Dans nombre de mes cas personnels, une psychothérapie a mis à
jour des abus sexuels soigneusement enterrés. Congrès de psychiatrie Lisbonne 09: Une enquête trouve entre 40 et 60% de viols dissimulés chez les fibromyalgiques. Le traumatisme n'a pas toujours besoin d'être aussi évident. Il commence, pour une petite fille, par la conviction de ne pas arriver à plaire à son père, simplement parfois parce que l'on est née fille...
L'hypothèse physiopathogénique la plus intéressante en 2008 est le syndrome d'épuisement au stress:
Important stress dans l'enfance, stress excessif en réaction aux situations de la vie courante, épuisement de l'axe hypothalamo-hypophyso-surrénalien, dérèglement de la douleur.
Ce qu'il faut prendre et laisser dans le concept
de fibromyalgie:
Le diagnostic est important à faire et à expliquer (jamais lors
de la 1ère consultation) car c'est la main tendue indispensable à la patiente.
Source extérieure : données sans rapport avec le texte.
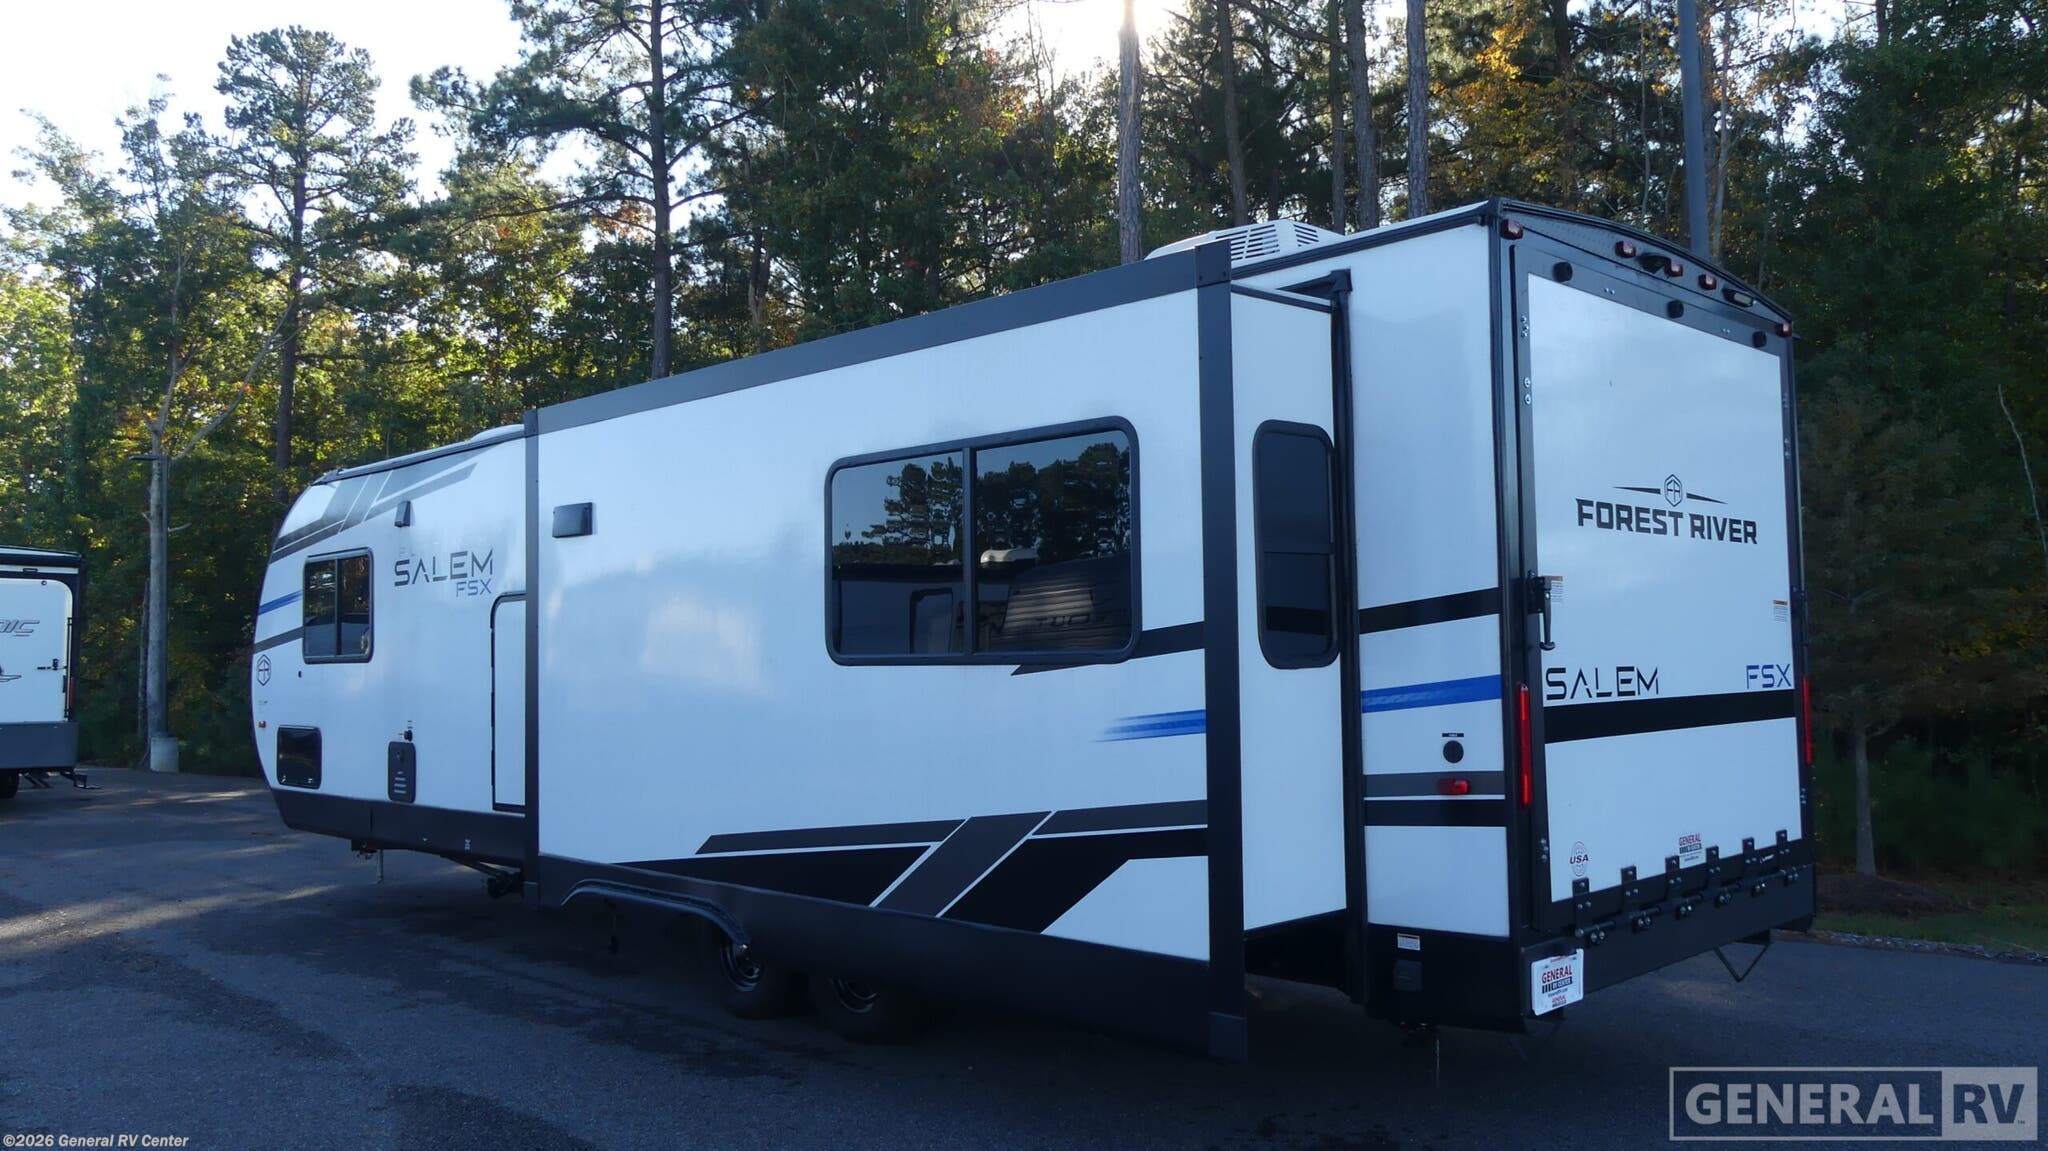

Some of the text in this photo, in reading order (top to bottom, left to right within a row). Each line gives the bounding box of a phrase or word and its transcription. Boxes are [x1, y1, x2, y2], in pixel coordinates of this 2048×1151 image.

Vous reconnaissez l'existence de son affection. Vous lui rendrez service en
la mettant en garde contre les excès de la médecine qui méconnaît
encore largement ce contexte. Vous la ferez parler de ses symptômes et
la surprendrez en lui citant certains qu'elle ne vous aura pas déjà
indiqués (facile, les symptômes sont tellement riches...). Il vous faut gagner sa confiance. Il est facile de la convaincre
qu'elle a une fibromyalgie. Il est plus difficile de lui affirmer que cette maladie
n'est associée à aucun désordre organique connu. Ne hâtez
pas le mouvement si vous avez l'impression qu'elle assimilera votre démarche
à une négation de ses symptômes. La fibromyalgique n'est
pas un cas psychiatrique. La psychanalyse est décevante chez ces patientes. Des contacts médicaux un peu trop directs ont pu la rendre très
susceptible sur la question de sa personnalité. Si vous sentez qu'elle
sera aidée par une psychothérapie, ce n'est pas forcément à vous de
l'entreprendre, mais votre rôle est crucial et délicat pour l'amener
à en prendre la décision.
L'inconvénient du diagnostic de fibromyalgie est justement d'enfermer
le patient dans un concept très flou pour les médecins mais très
clair pour la principale intéressée: j'ai une maladie inconnue!
Si les plus grands spécialistes n'en connaissent pas l'origine, pourquoi
irais-je me casser les pieds à raconter ma vie à un psy? Je reste
avec ma fibromyalgie, d'autant plus que l'on va créer des centres spécialisés
pour ma maladie. C'est quand même sécurisant de se sentir reconnue...
La discussion est ouverte.
Un collègue l'a rebaptisée "frigomyalgie".
(il y a des problèmes stockés de longue date au frigo).